[Saved data entries]
+ + + +
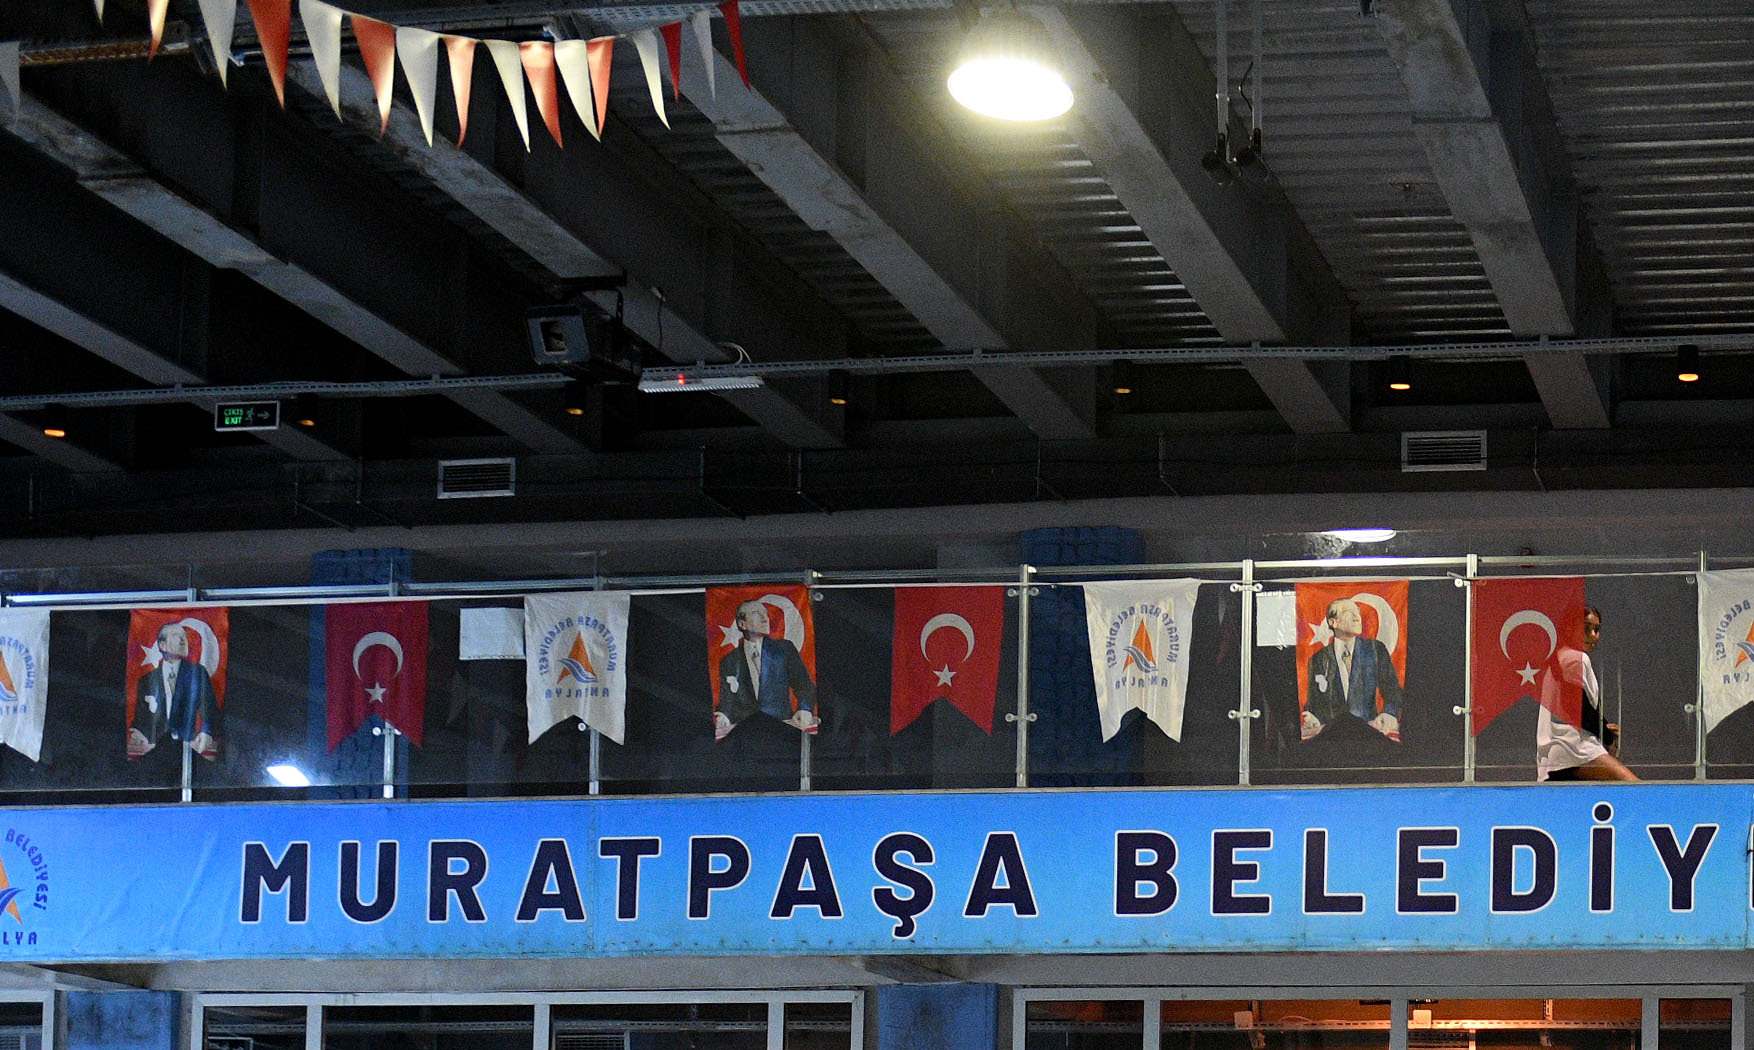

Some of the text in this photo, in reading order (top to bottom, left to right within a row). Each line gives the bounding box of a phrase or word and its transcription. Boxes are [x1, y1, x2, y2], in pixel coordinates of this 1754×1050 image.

[225, 417, 242, 425] EXIT
[5, 828, 48, 910] BELEDİYESİ
[239, 832, 1039, 940] MURATPAŞA
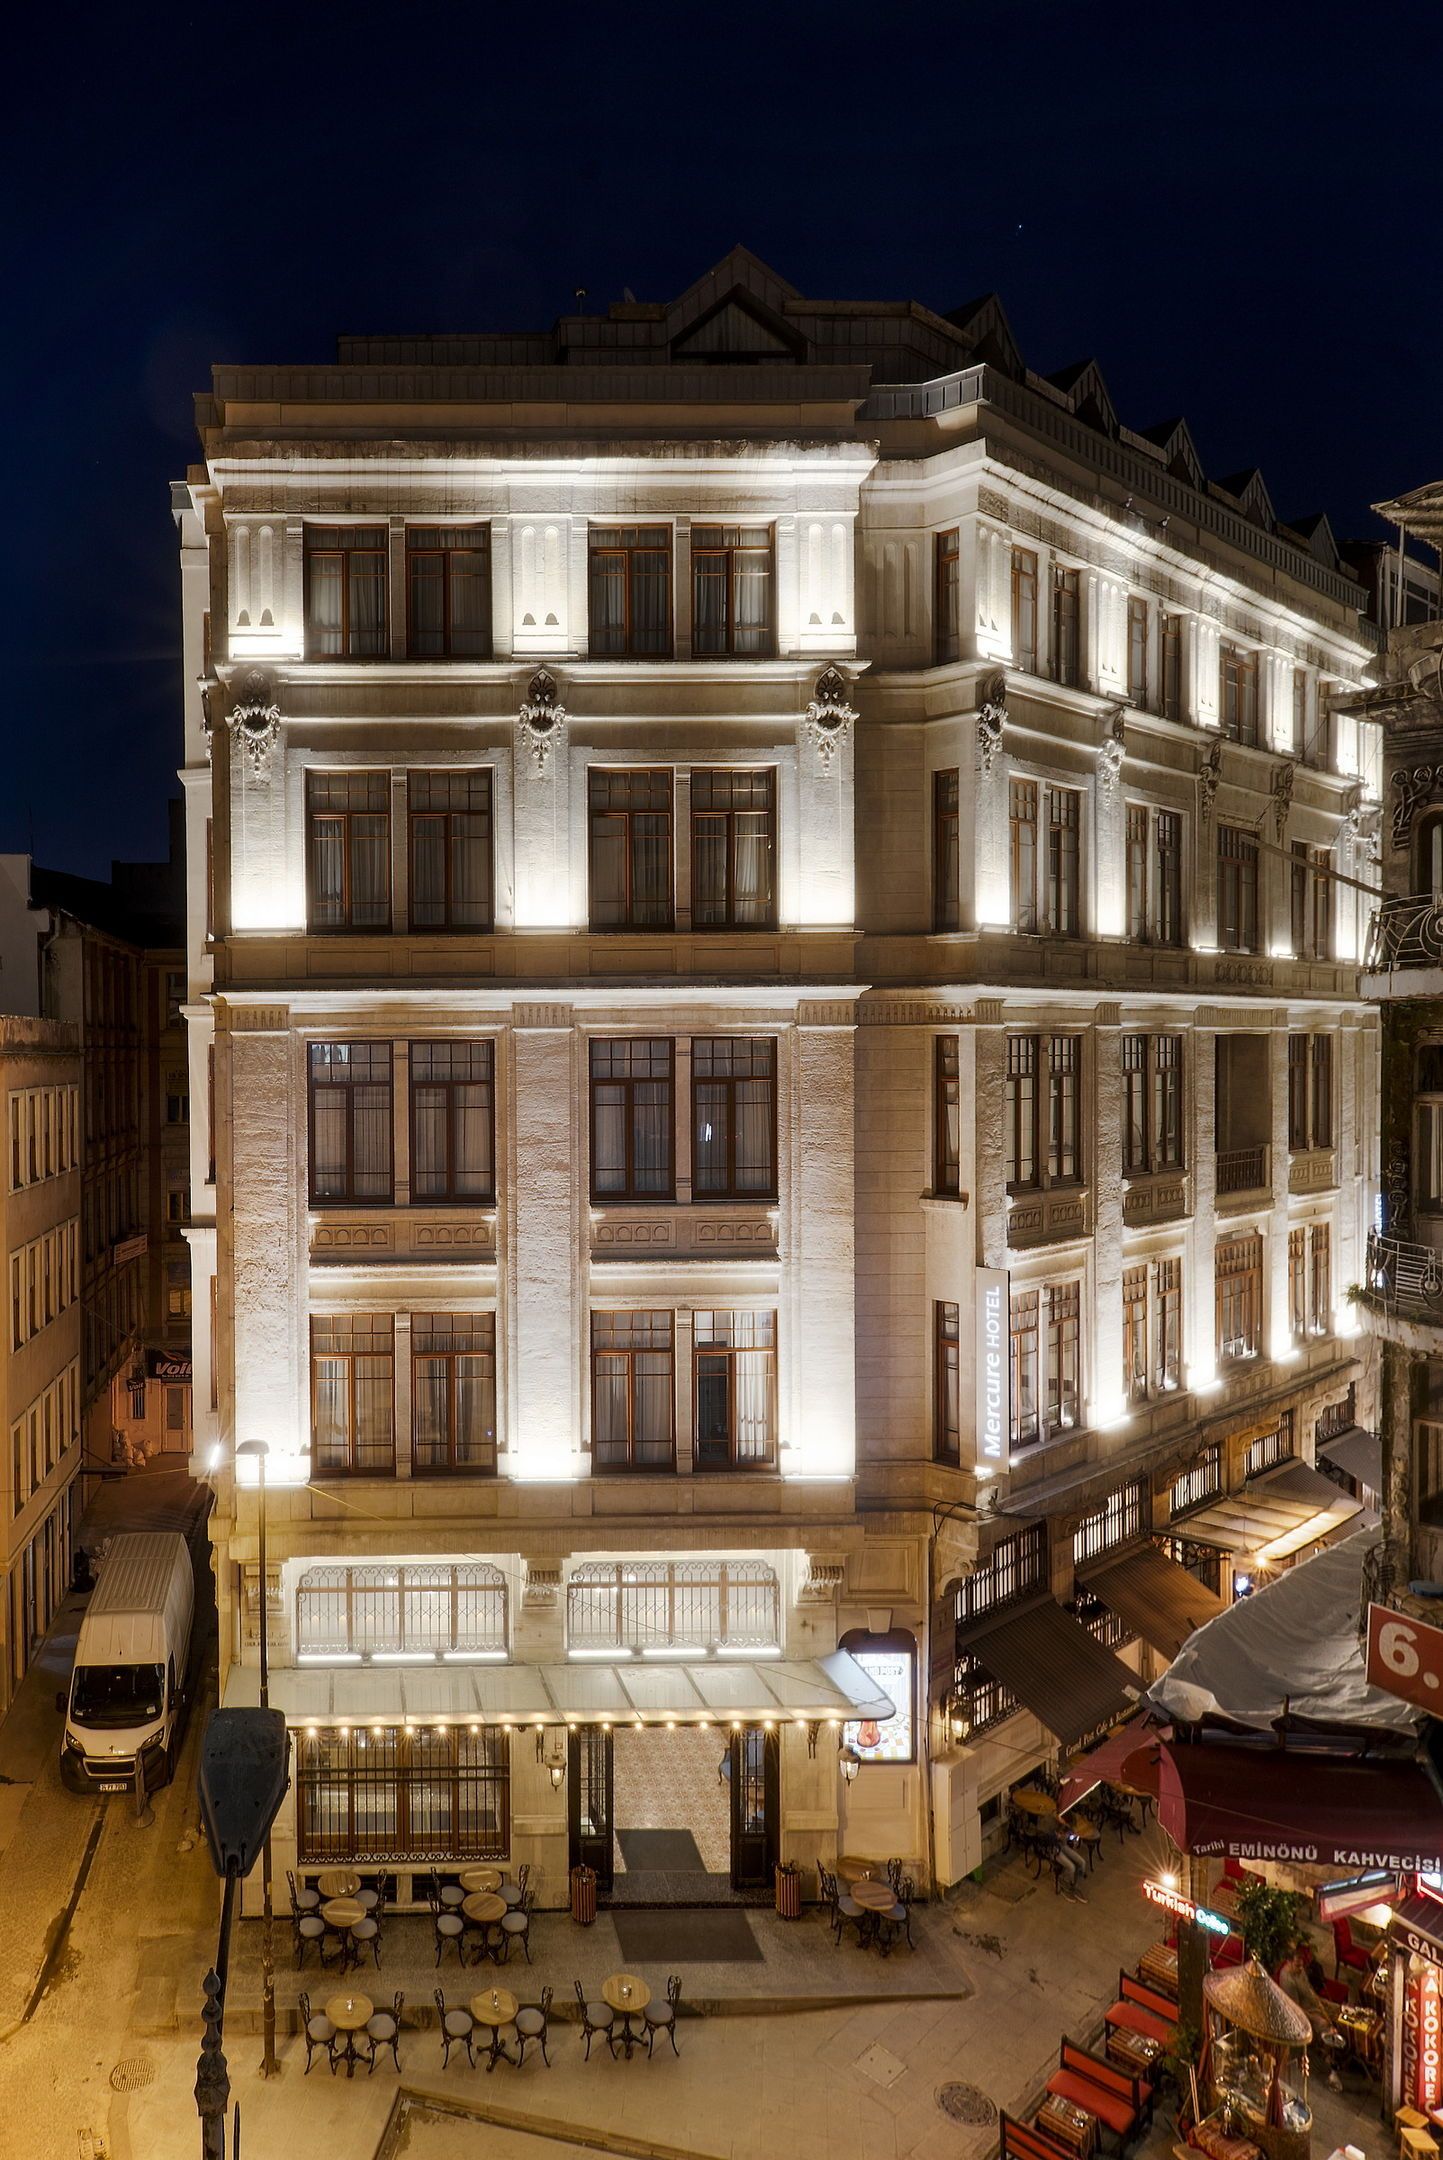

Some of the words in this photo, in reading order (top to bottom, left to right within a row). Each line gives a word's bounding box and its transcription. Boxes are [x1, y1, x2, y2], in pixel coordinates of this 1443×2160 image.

[986, 1286, 1000, 1348] HOTEL
[984, 1352, 1001, 1457] Mercure
[1193, 1839, 1225, 1855] Tarihi
[1229, 1841, 1318, 1861] EMİNÖNÜ
[1143, 1882, 1195, 1920] Turkish
[1407, 1933, 1443, 1965] GAL
+ + + +
EXERCISE DESCRIPTION
With the pictures removed, copy the data above word for word.

SOLUTION TO THIS EXERCISE
Some of the text in this photo, in reading order (top to bottom, left to right within a row). Each line gives the bounding box of a phrase or word and its transcription. Boxes are [x1, y1, x2, y2], in pixel coordinates of this 1754×1050 image.

[225, 417, 242, 425] EXIT
[5, 828, 48, 910] BELEDİYESİ
[239, 832, 1039, 940] MURATPAŞA

Some of the words in this photo, in reading order (top to bottom, left to right within a row). Each line gives a word's bounding box and its transcription. Boxes are [x1, y1, x2, y2], in pixel coordinates of this 1443×2160 image.

[986, 1286, 1000, 1348] HOTEL
[984, 1352, 1001, 1457] Mercure
[1193, 1839, 1225, 1855] Tarihi
[1229, 1841, 1318, 1861] EMİNÖNÜ
[1143, 1882, 1195, 1920] Turkish
[1407, 1933, 1443, 1965] GAL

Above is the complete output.